The Ambassador in Mexico ( Daniels ) to the Secretary of State

No. 2756

Sir: I have the honor to acknowledge the receipt of the Department’s instruction 797 of July 15, 1935, relative to the problem of interference in certain amateur frequency bands. The Department’s instruction under reference crossed the Embassy’s despatch 2727 of July 1576 reporting a new distribution of frequencies in Mexico for amateur radiotelephony and radiotelegraphy.
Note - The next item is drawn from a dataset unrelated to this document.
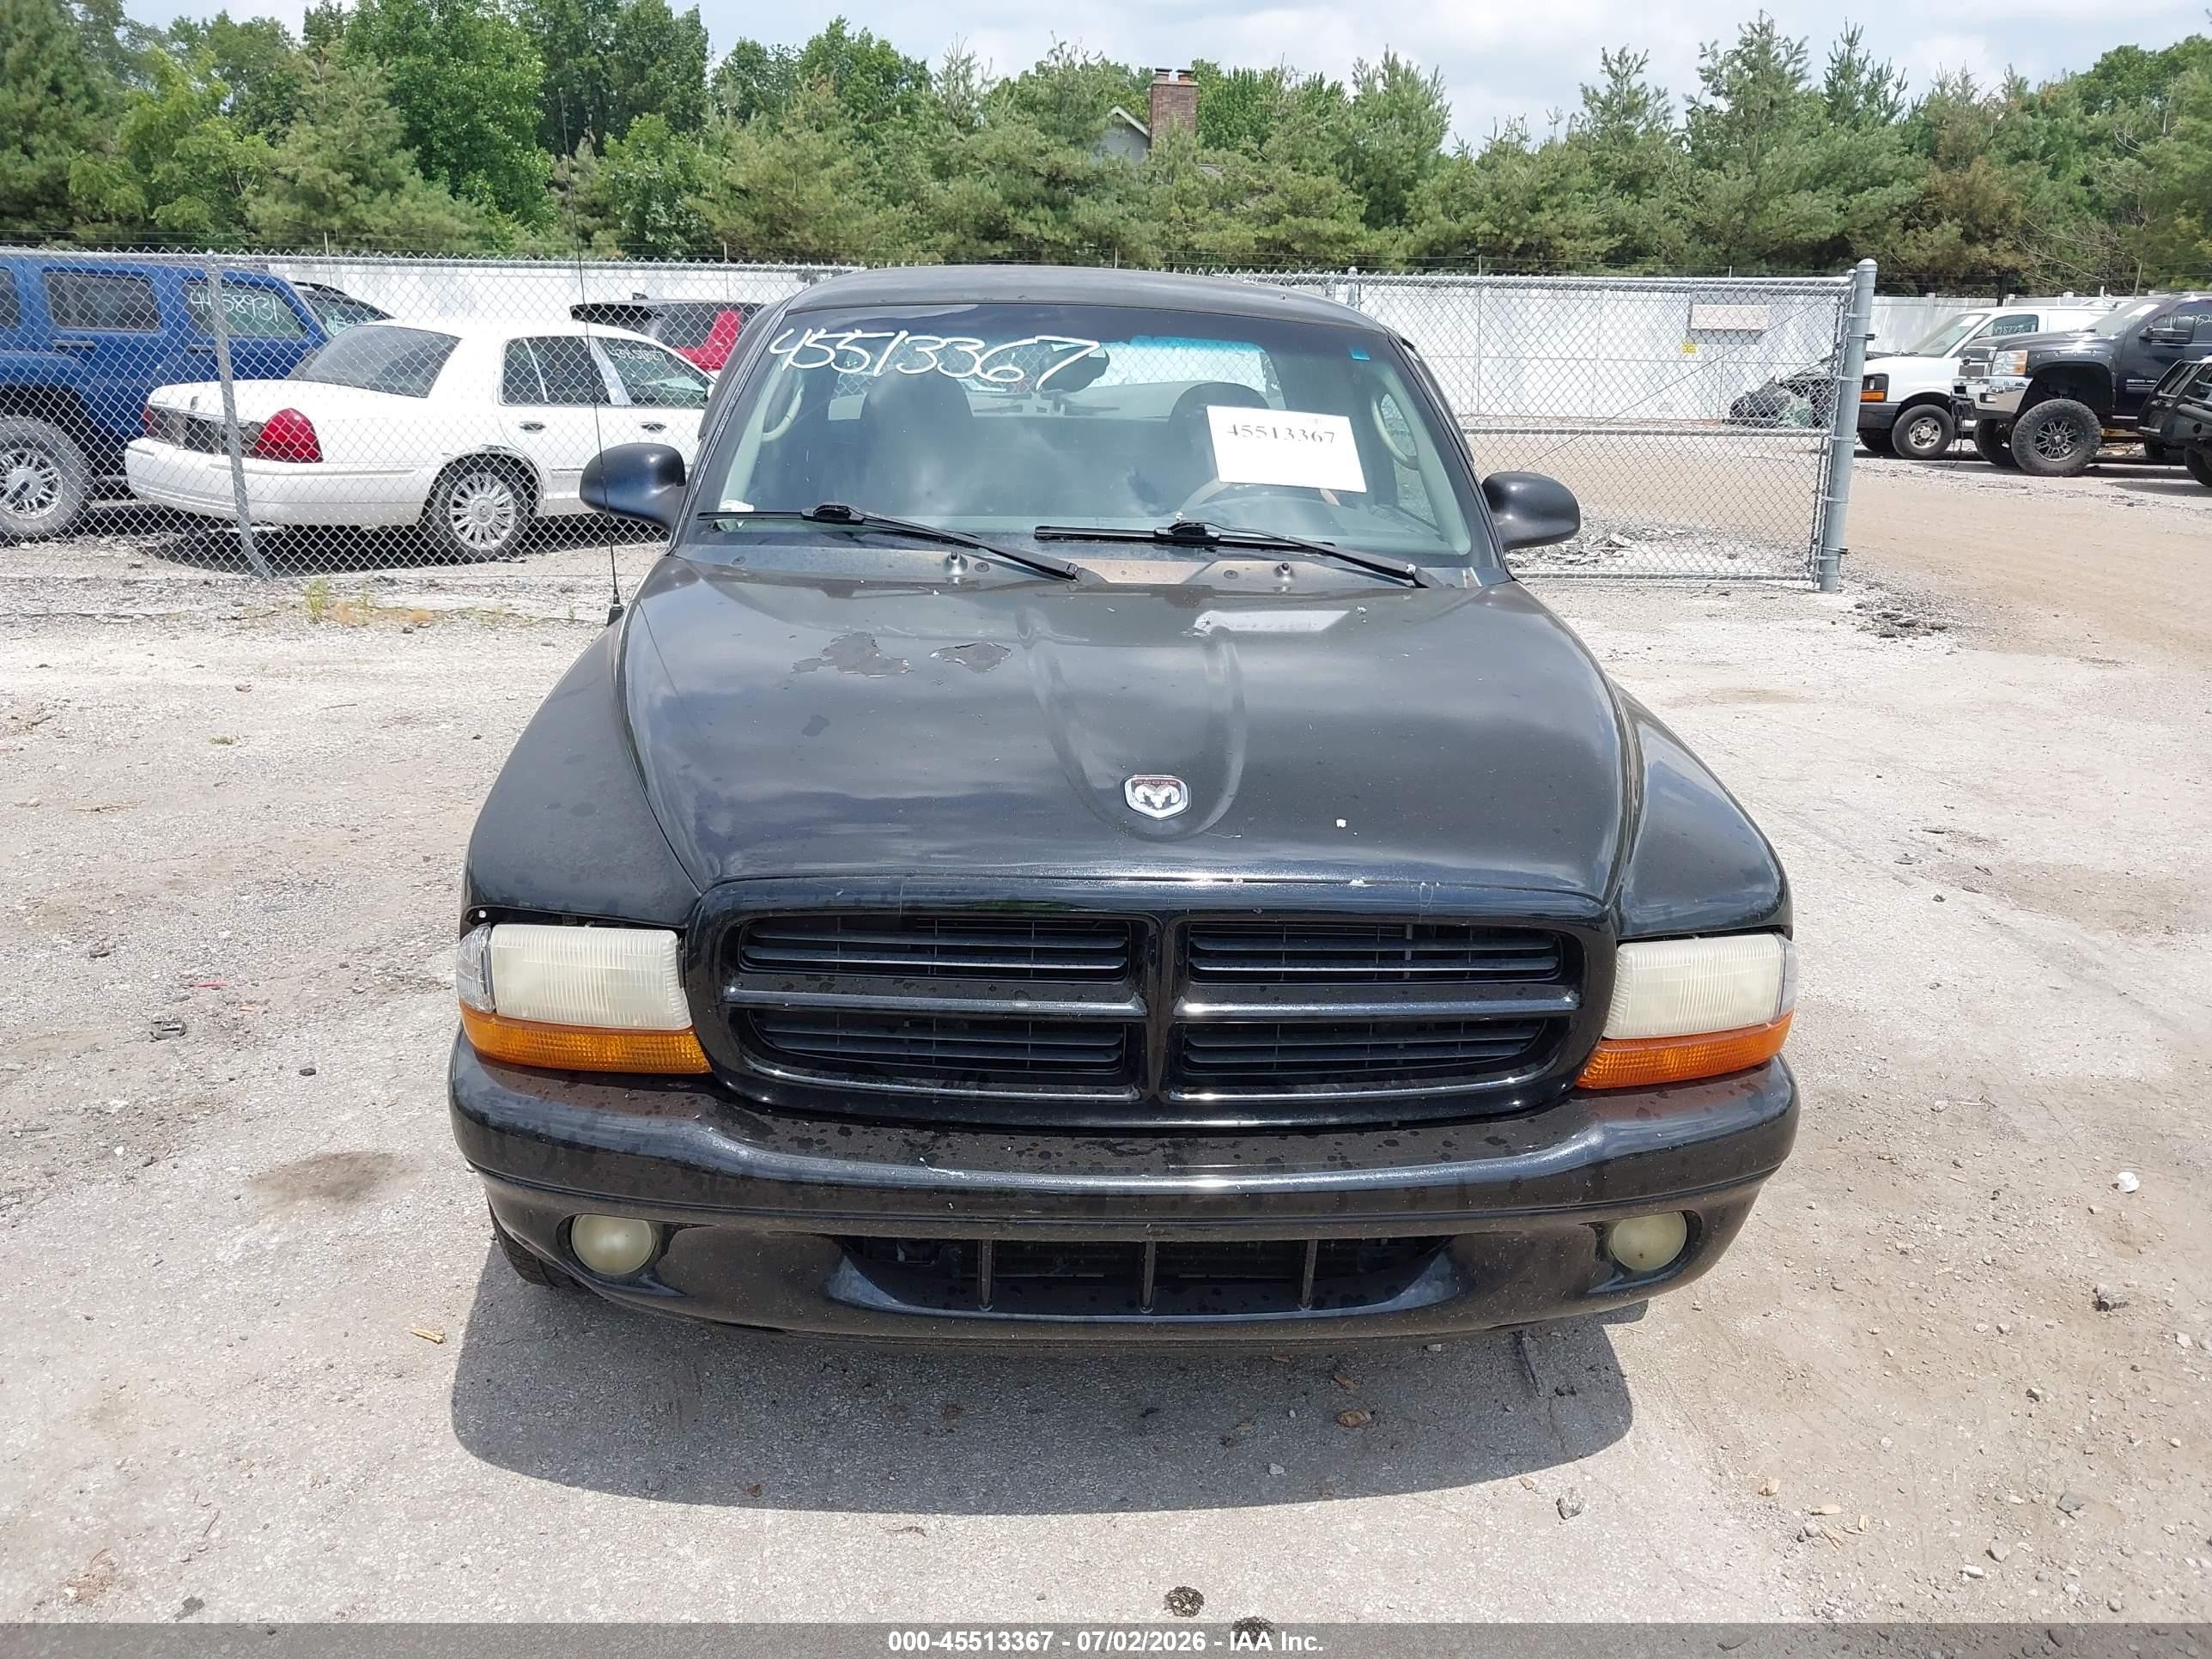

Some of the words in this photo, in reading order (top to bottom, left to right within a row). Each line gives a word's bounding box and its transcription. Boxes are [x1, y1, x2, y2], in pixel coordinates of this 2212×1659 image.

[190, 291, 278, 323] 4458931
[769, 328, 1100, 392] 45513367
[1227, 423, 1334, 444] 45513367
The situation which has developed subsequent to the Department’s first instruction of February 2, 1935, was briefly referred to in my despatch number 2441 of April 10. The action reported at that time was taken without consulting interested Mexican amateurs, but as soon as the news was out they protested vigorously to the Department of Communications, which, to divert criticism from itself, said it was acting at the request of the United States Government. This seemed to many Mexican amateurs an unwarranted interference on our part and was promptly resented. At a special meeting of amateurs, the United States, I am informed, was roundly denounced for its action and a committee was appointed to negotiate with the Mexican authorities for a return to the previously prevailing distribution. I understand that in their talks with the Communications authorities the amateurs particularly resented any attempt to remove the 7000–7300 KC. band from radiotelephone operation. These frequencies, they said, were not needed for communication with the United States, but were essential for maintaining contacts with other Spanish-speaking countries of Latin America, which permitted radiotelephone operation on this band of frequencies. They asserted, moreover, that this move on the part of the American authorities to take radiotelephone operation out of the 40–meter band was inspired by the American radiotelegraph operators, who controlled amateur forces in the United States and who were using the American Government in their own interests, to the detriment of the Mexican amateurs. In the face of these energetic and forceful representations by Mexican amateurs, it is not surprising that the Communications Department reversed its earlier [Page 813] position and agreed to a new distribution more acceptable to the Mexican amateurs. (See despatch number 2727 of July 15.77)

While I believe that the Mexican Communications Department was originally disposed to coöperate in a measure with our suggestion, doubts now arise, in view of the criticism which it has had to face, if further insistence on our part will have any very tangible results. The recent schedule represents a working compromise between Mexican amateurs and the Communications Department, and further demands on our part would most probably serve to revive the antagonism so quickly aroused on the occasion of our original approach. In other words, it is our belief that the Mexican authorities have reached the limit of their desire to coöperate with us voluntarily in this matter, and accordingly I have not renewed my representations to the Mexican authorities, feeling that the Department should first have before it all the facts on which to base a decision.